Just when you thought it was safe to go back in the water

It was a blazing hot summer’s day in central Queensland, Australia, when Rachael Shardlow’s family – her older brother Sam, their parents, Ruth Macklin and Geoff Shardlow, and their dogs – decided to head for the water. But, the lake, river or ocean? Ten-year-old Rachael pushed for the dam, at Lake Awoonga. Someone had told her there were crocodiles at Calliope River, and she was scared. But the lake was a wildlife sanctuary: no dogs allowed.

Rachael would not budge – so her family called her bluff, bundling into the car and driving off without her. They had only reached the end of the street before Rachael caved in, calling them to come back and get her.

At the Calliope River rest area, a popular campsite a bout 22km upstream from where it meets the Pacific, Rachael was still too nervous to go swimming. When Sam and a friend got on a bodyboard in the shallows, she sandwiched herself between them, dangling her legs in the water.
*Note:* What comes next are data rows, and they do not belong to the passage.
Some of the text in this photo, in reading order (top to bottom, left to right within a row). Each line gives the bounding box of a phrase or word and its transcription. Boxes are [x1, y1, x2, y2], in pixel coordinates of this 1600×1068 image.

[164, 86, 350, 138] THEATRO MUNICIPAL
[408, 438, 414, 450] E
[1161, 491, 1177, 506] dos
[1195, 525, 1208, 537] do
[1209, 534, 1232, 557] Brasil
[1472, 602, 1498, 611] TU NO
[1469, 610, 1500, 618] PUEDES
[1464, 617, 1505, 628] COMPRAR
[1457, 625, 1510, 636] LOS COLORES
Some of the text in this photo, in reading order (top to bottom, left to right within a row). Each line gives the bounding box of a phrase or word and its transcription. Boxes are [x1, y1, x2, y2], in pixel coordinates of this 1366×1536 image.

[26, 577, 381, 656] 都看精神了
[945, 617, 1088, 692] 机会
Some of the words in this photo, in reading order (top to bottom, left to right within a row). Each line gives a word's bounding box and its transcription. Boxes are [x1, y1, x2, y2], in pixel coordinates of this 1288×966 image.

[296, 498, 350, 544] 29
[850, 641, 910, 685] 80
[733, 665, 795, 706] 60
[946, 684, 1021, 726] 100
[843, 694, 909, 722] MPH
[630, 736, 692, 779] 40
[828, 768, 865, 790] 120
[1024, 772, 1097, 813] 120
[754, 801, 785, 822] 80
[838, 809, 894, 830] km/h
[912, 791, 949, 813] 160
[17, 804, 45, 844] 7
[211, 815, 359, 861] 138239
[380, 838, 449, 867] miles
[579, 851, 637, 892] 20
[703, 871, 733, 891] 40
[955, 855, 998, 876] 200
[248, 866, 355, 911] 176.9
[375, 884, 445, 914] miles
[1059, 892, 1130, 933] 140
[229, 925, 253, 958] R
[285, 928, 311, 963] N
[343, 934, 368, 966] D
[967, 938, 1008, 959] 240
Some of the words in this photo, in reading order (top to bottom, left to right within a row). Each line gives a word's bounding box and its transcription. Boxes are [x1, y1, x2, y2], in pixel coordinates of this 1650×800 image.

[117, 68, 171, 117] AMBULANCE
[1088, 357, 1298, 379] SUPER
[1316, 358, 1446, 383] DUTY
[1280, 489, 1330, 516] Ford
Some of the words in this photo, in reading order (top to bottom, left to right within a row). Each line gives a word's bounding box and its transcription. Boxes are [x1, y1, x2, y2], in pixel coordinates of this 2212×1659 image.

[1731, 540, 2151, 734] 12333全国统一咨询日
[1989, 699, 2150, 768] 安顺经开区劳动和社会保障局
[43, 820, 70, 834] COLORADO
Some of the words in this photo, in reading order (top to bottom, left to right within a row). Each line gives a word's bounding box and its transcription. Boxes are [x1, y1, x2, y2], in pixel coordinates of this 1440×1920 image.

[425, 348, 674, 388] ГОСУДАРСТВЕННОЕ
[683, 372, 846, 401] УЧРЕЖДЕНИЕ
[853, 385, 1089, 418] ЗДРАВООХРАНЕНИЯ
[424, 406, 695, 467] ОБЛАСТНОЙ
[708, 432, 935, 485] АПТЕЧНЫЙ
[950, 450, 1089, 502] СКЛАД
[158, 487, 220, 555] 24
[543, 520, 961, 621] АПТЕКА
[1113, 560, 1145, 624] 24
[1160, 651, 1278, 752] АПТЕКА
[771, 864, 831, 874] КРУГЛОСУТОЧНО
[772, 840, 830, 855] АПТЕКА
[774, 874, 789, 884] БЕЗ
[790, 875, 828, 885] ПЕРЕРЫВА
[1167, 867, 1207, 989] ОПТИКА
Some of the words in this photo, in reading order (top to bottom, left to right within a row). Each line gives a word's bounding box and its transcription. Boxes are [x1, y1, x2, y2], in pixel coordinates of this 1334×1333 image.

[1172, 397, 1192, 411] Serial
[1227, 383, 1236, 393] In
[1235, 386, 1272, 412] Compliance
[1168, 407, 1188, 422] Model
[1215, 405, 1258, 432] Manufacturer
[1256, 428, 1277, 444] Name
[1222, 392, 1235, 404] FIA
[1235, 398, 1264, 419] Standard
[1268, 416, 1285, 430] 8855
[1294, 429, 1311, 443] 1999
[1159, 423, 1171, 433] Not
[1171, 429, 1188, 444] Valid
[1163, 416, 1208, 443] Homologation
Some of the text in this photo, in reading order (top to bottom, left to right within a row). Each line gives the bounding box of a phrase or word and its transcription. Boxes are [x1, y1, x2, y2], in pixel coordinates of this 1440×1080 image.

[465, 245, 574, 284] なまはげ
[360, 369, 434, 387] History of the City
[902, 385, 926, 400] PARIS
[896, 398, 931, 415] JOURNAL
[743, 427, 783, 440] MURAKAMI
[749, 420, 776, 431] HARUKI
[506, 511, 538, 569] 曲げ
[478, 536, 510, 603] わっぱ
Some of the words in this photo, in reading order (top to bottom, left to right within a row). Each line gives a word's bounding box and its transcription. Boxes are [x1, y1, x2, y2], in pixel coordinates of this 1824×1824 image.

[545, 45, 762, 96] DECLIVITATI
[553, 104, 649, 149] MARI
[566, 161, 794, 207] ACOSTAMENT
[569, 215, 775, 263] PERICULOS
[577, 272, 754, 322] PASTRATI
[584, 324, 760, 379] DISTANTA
Moments later, she started screaming. Sam, then 13, pulled his writhing sister out of the water and on to the riverbank, a huge gelatinous blob wrapped around her left leg. Rachael had been stung by a box jellyfish: the deadliest creature in the sea. It’s venom stops the heart, killing adults in as little as five minutes.

The jellyfish was latched on. “It was horrible. It looked like an alien, with all its tentacles wrapped around her leg,” Macklin says. “I tried to pull them off with my fingers, but they were like harpoons.”

By grim providence, a camper nearby had lost his brother to a box jellyfish and knew to run back to his campsite for vinegar to pour over the tentacles. With that, they retracted and the jelly could be wiped off “like snot”, Macklin says.

But Rachael’s vision had started to blur; she couldn’t breathe. “She said, ‘Am I going to die, Mum?’ Those were her last words before she passed out.” The man told them they had no time to lose: they would have to take Rachael to meet the ambulance, or she would die on the riverbank.

Rachael’s heartbeat was weak. She was given antivenom and rushed to hospital in an induced coma. “She woke up when we got there – that was the worst part,” Macklin says. Her whole body was flailing up and down in agony.